+++ DATA RECORDS

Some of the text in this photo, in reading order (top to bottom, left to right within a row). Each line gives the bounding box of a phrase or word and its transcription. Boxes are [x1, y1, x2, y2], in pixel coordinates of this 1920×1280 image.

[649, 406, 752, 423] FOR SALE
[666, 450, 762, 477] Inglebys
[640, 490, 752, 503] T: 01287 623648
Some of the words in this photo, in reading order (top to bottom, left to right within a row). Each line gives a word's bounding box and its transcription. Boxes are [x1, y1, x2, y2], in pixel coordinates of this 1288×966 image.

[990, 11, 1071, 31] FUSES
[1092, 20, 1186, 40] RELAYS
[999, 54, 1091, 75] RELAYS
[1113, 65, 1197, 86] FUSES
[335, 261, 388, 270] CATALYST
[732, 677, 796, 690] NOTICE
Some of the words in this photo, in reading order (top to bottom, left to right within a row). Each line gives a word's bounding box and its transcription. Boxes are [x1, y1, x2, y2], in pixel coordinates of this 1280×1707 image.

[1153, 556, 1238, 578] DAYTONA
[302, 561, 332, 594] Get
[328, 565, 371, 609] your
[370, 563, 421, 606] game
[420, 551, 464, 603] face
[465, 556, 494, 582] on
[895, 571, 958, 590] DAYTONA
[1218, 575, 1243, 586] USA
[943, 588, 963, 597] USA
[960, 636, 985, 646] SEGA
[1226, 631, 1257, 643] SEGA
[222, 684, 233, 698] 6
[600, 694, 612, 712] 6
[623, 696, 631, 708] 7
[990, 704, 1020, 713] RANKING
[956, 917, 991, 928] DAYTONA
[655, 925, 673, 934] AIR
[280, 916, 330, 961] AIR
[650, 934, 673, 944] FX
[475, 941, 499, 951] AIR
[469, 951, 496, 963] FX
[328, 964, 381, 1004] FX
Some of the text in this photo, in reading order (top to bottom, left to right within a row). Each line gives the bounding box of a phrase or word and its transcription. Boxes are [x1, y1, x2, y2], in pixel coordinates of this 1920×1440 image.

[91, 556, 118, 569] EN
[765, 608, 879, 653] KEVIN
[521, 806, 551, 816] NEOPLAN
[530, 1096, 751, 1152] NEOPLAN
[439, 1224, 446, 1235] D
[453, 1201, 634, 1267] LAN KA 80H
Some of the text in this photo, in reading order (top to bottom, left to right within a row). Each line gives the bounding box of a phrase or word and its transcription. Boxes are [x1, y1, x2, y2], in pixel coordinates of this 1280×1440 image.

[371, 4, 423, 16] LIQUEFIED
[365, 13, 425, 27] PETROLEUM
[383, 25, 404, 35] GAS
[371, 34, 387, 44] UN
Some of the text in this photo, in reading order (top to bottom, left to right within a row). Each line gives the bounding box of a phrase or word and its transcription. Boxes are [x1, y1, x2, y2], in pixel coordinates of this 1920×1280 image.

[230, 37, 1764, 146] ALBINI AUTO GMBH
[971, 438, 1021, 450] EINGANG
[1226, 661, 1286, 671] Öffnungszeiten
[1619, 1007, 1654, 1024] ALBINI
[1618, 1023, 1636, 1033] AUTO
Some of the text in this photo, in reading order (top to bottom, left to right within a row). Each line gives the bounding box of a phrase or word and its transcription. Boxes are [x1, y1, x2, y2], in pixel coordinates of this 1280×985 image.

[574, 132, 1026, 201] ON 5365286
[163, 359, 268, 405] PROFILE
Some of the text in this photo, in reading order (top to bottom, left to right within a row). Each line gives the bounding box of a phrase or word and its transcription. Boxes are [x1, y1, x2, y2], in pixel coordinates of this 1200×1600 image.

++++++

▸ EXERCISE DESCRIPTION
Please retype every entry above exactly as it stands.

▸ EXERCISE RESPONSE
Some of the text in this photo, in reading order (top to bottom, left to right within a row). Each line gives the bounding box of a phrase or word and its transcription. Boxes are [x1, y1, x2, y2], in pixel coordinates of this 1920×1280 image.

[649, 406, 752, 423] FOR SALE
[666, 450, 762, 477] Inglebys
[640, 490, 752, 503] T: 01287 623648
Some of the words in this photo, in reading order (top to bottom, left to right within a row). Each line gives a word's bounding box and its transcription. Boxes are [x1, y1, x2, y2], in pixel coordinates of this 1288×966 image.

[990, 11, 1071, 31] FUSES
[1092, 20, 1186, 40] RELAYS
[999, 54, 1091, 75] RELAYS
[1113, 65, 1197, 86] FUSES
[335, 261, 388, 270] CATALYST
[732, 677, 796, 690] NOTICE
Some of the words in this photo, in reading order (top to bottom, left to right within a row). Each line gives a word's bounding box and its transcription. Boxes are [x1, y1, x2, y2], in pixel coordinates of this 1280×1707 image.

[1153, 556, 1238, 578] DAYTONA
[302, 561, 332, 594] Get
[328, 565, 371, 609] your
[370, 563, 421, 606] game
[420, 551, 464, 603] face
[465, 556, 494, 582] on
[895, 571, 958, 590] DAYTONA
[1218, 575, 1243, 586] USA
[943, 588, 963, 597] USA
[960, 636, 985, 646] SEGA
[1226, 631, 1257, 643] SEGA
[222, 684, 233, 698] 6
[600, 694, 612, 712] 6
[623, 696, 631, 708] 7
[990, 704, 1020, 713] RANKING
[956, 917, 991, 928] DAYTONA
[655, 925, 673, 934] AIR
[280, 916, 330, 961] AIR
[650, 934, 673, 944] FX
[475, 941, 499, 951] AIR
[469, 951, 496, 963] FX
[328, 964, 381, 1004] FX
Some of the text in this photo, in reading order (top to bottom, left to right within a row). Each line gives the bounding box of a phrase or word and its transcription. Boxes are [x1, y1, x2, y2], in pixel coordinates of this 1920×1440 image.

[91, 556, 118, 569] EN
[765, 608, 879, 653] KEVIN
[521, 806, 551, 816] NEOPLAN
[530, 1096, 751, 1152] NEOPLAN
[439, 1224, 446, 1235] D
[453, 1201, 634, 1267] LAN KA 80H
Some of the text in this photo, in reading order (top to bottom, left to right within a row). Each line gives the bounding box of a phrase or word and its transcription. Boxes are [x1, y1, x2, y2], in pixel coordinates of this 1280×1440 image.

[371, 4, 423, 16] LIQUEFIED
[365, 13, 425, 27] PETROLEUM
[383, 25, 404, 35] GAS
[371, 34, 387, 44] UN
Some of the text in this photo, in reading order (top to bottom, left to right within a row). Each line gives the bounding box of a phrase or word and its transcription. Boxes are [x1, y1, x2, y2], in pixel coordinates of this 1920×1280 image.

[230, 37, 1764, 146] ALBINI AUTO GMBH
[971, 438, 1021, 450] EINGANG
[1226, 661, 1286, 671] Öffnungszeiten
[1619, 1007, 1654, 1024] ALBINI
[1618, 1023, 1636, 1033] AUTO
Some of the text in this photo, in reading order (top to bottom, left to right within a row). Each line gives the bounding box of a phrase or word and its transcription. Boxes are [x1, y1, x2, y2], in pixel coordinates of this 1280×985 image.

[574, 132, 1026, 201] ON 5365286
[163, 359, 268, 405] PROFILE
Some of the text in this photo, in reading order (top to bottom, left to right within a row). Each line gives the bounding box of a phrase or word and its transcription. Boxes are [x1, y1, x2, y2], in pixel coordinates of this 1200×1600 image.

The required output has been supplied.